Bewaffnete Gruppen patrouillieren auf den Straßen
Trotz der massiven Polizeipräsenz haben bewaffnete Gruppen mit Stöcken begonnen, die Straßen von Torre-Pacheco zu kontrollieren, um nach Menschen mit Migrationshintergrund Ausschau zu halten. Das Video eines Regionalblattes, La Opinión de Murcia, zeigt Szenen, die Panik bei der migrantischen Gemeinschaft auslösten. Diese Menschen stellen etwa 30 % der örtlichen Bevölkerung, doppelt so hoch wie der spanische Durchschnitt.
Auch Barrikaden wurden angezündet und Müllcontainer in Brand gesetzt, während einige Demonstranten Flaschen auf die Polizei warfen. Die Behörden berichteten, dass viele Teilnehmer der Ausschreitungen von außerhalb der Stadt angereist seien, was die Befürchtungen verstärkte, dass die Gewalt von einer organisierten rechten Bewegung gesteuert wird.
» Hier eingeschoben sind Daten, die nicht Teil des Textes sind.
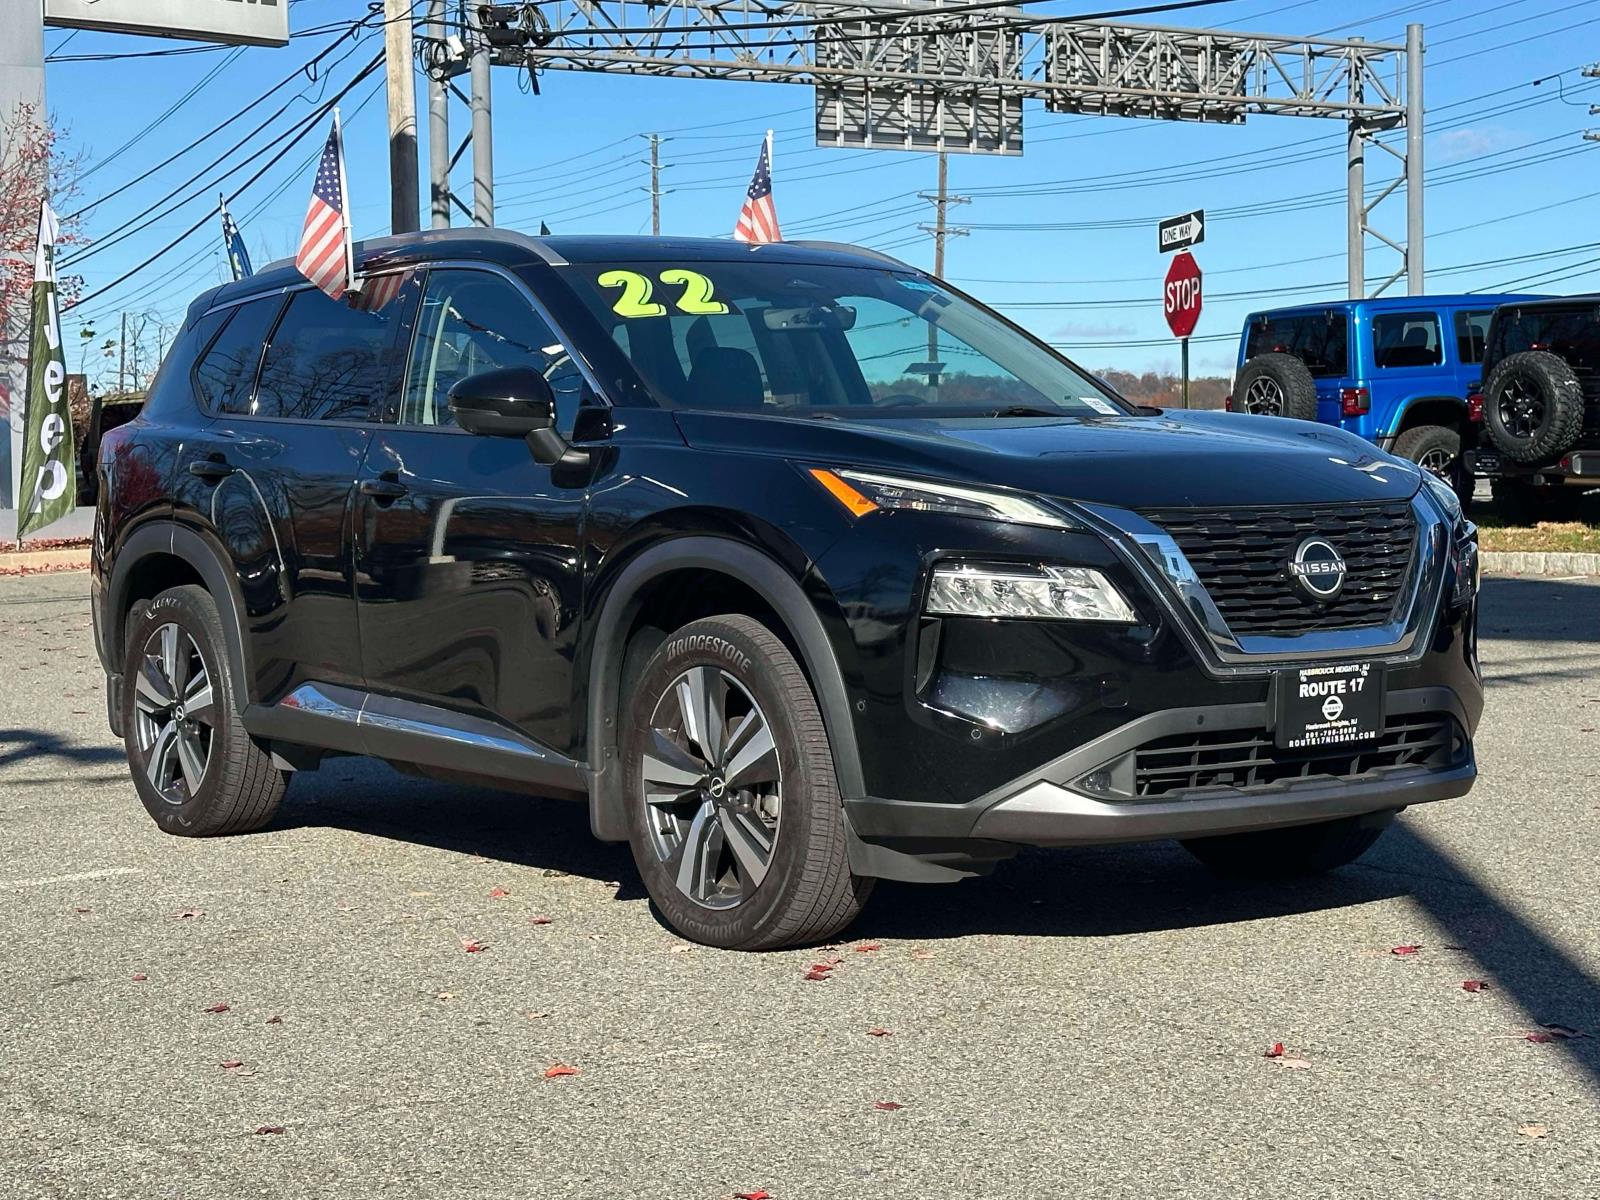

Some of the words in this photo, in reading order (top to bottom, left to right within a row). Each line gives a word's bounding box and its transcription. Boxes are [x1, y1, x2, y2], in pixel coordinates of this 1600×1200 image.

Appelle der Behörden zur Beruhigung
Der Bürgermeister von Torre-Pacheco, Pedro Ángel Roca Ternel, rief in einem Interview bei RTVE, dem spanischen öffentlich-rechtlichen Sender, zur Ruhe auf: „Ich bitte die Bürger, die Situation mit ruhiger Gelassenheit zu betrachten und sich nicht von Gewalt anstecken zu lassen.“
Obwohl die Polizeikräfte vor Ort präsent sind, bleibt die Lage angespannt. Offizielle Stellen warnen vor einer möglichen weiteren Eskalation, während die Stimmung in der Gemeinde deutlich angespannt ist.
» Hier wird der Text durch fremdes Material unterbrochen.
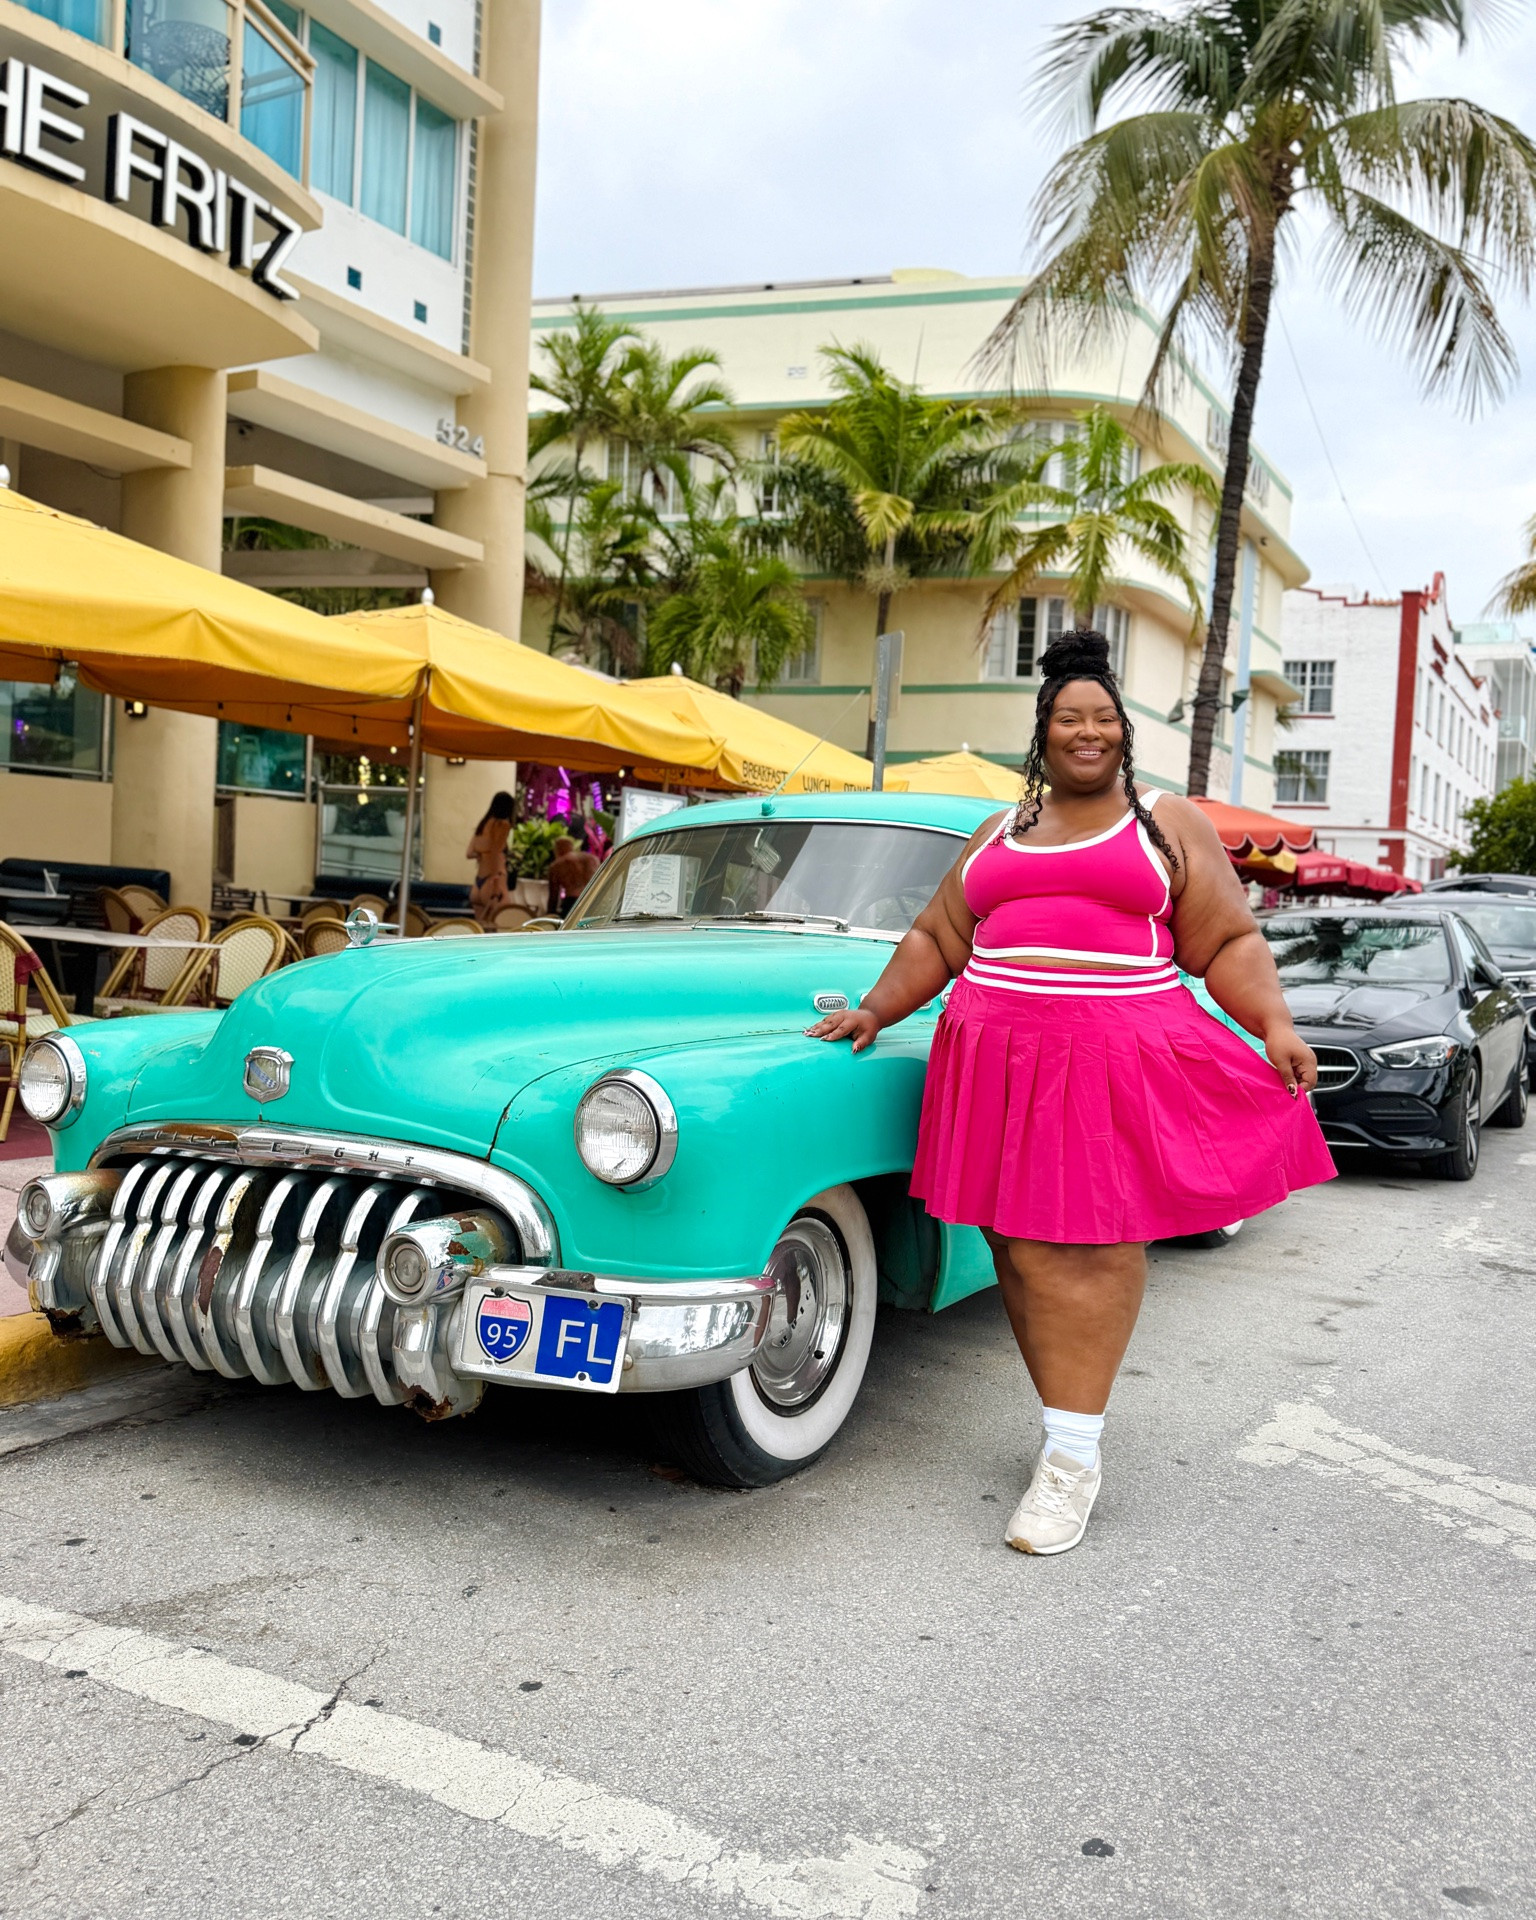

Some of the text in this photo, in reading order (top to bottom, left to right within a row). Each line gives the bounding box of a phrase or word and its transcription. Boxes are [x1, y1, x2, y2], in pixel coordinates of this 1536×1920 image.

[108, 111, 303, 300] FRITZ
[436, 418, 485, 459] 524
[742, 760, 788, 785] BREAKFAST
[802, 775, 831, 793] LUNCH
[271, 1142, 414, 1167] EIGHT
[486, 1323, 519, 1349] 95
[555, 1318, 612, 1366] FL
Auch der konservative Regionalpräsident von Murcia, Fernando López Miras, äußerte sich öffentlich: „Ich verstehe die Frustration, aber keine Form der Gewalt ist gerechtfertigt. Torre-Pacheco muss wieder zur Normalität zurückkehren.“
Die spanische Jungsenministerin Sira Rego, Vertreterin der linken Koalition Sumar, forderte in einem Beitrag auf Bluesky, rechten Gruppierungen entschieden entgegenzuwirken: „Rechtsextreme instrumentalisieren diese Vorfälle, um Hass und Spaltung zu schüren.“ Sie betont, dass die Lage derzeit weiterhin äußerst fragil ist und die Situation kaum eine Entspannung erkennen lässt.